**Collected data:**
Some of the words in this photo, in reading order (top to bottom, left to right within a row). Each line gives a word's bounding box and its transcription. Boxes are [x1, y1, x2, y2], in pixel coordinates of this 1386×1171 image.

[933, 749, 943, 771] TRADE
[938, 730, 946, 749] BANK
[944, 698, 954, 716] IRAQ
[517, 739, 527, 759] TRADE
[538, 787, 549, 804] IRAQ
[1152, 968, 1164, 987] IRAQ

**Problem to work on:** Output an identical copy of every record above.

**Solution below:**
Some of the words in this photo, in reading order (top to bottom, left to right within a row). Each line gives a word's bounding box and its transcription. Boxes are [x1, y1, x2, y2], in pixel coordinates of this 1386×1171 image.

[933, 749, 943, 771] TRADE
[938, 730, 946, 749] BANK
[944, 698, 954, 716] IRAQ
[517, 739, 527, 759] TRADE
[538, 787, 549, 804] IRAQ
[1152, 968, 1164, 987] IRAQ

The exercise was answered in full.